Eighteen months ago, Maynard-Noel’s physician at National Spine and Pain Centers gave her the option to try a spinal cord stimulator for about a week. The stimulator was placed at the site of her pain, and instead of sending pain signals to her brain, it sends a hum.
“Instead of my pain being registered in my brain and feeling the way that you do when you have pain, all I felt was a slight tingle,” Maynard-Noel says. After her trial session with the stimulator, she decided to proceed with the full PNS operation.
Before the PNS treatment, Maynard-Noel recalls feeling frustrated when doctors would ask her to rank her pain on a scale from one to 10.
“They’d look at me funny when I’d say, ‘I’m off the charts — it’s a 20, a 30.’ I couldn’t describe the type of pain I was having. It was that bad. It was ruining everything that I was.”
Now, she is able to get up, go to work and care for her family, and is hoping to progress to the point where she can train for a race.
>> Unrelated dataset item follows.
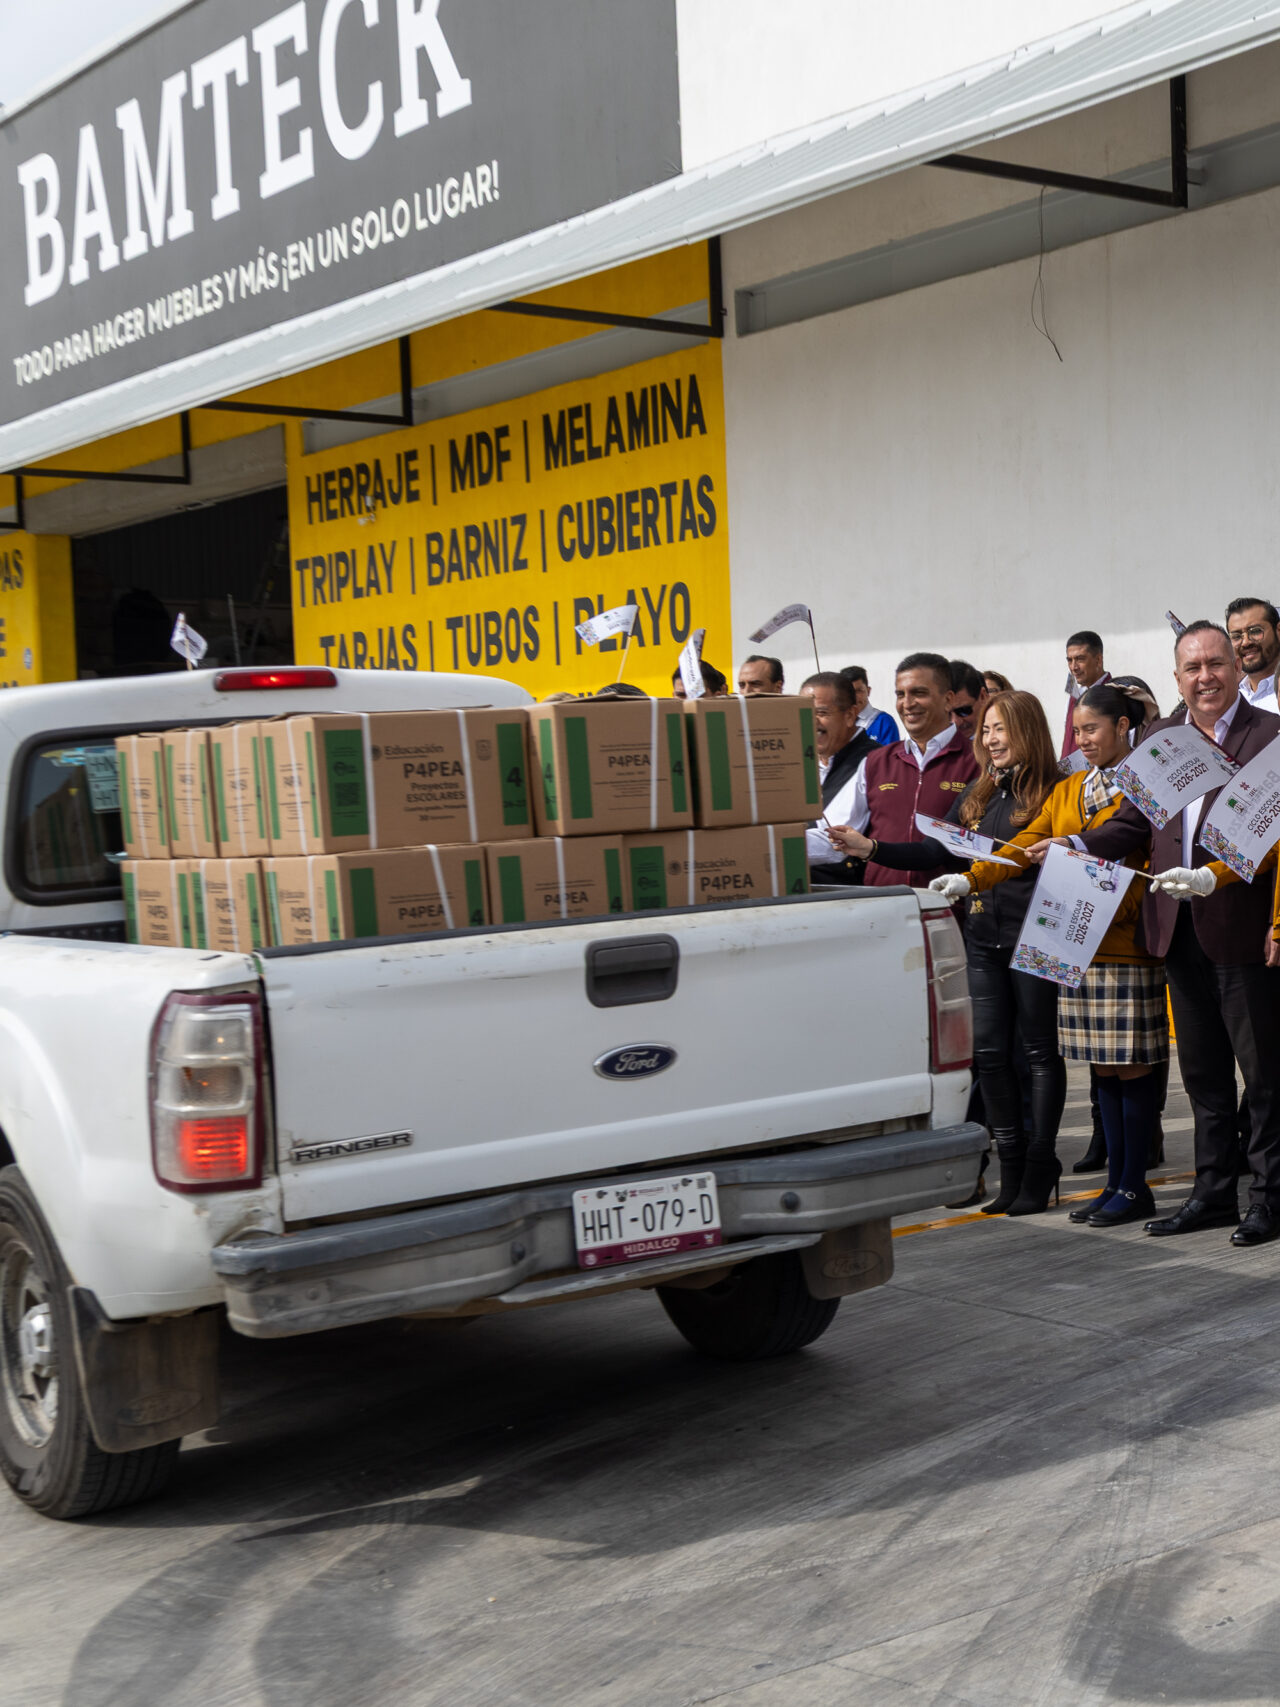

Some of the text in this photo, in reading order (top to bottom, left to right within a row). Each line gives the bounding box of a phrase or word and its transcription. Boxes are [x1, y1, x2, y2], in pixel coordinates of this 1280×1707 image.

Spreading the word to stop chronic pain
A handful of other treatment options for chronic pain are also available to patients, and Dr. Singla says his goal is to spread the word about options outside from long-term pain medication.
“There are a lot of folks out there who don’t know that treatment is available,” he says. In addition to avoiding addiction, he says treating chronic pain also goes hand in hand with treating depression and other chronic issues.
“Sometimes, pain drives people to want to not do very much, and that has health consequences too. You’re going to be more sedentary.You’re going to be less active and that, in and of itself, can cause problems down the road with leading to more chronic illness.”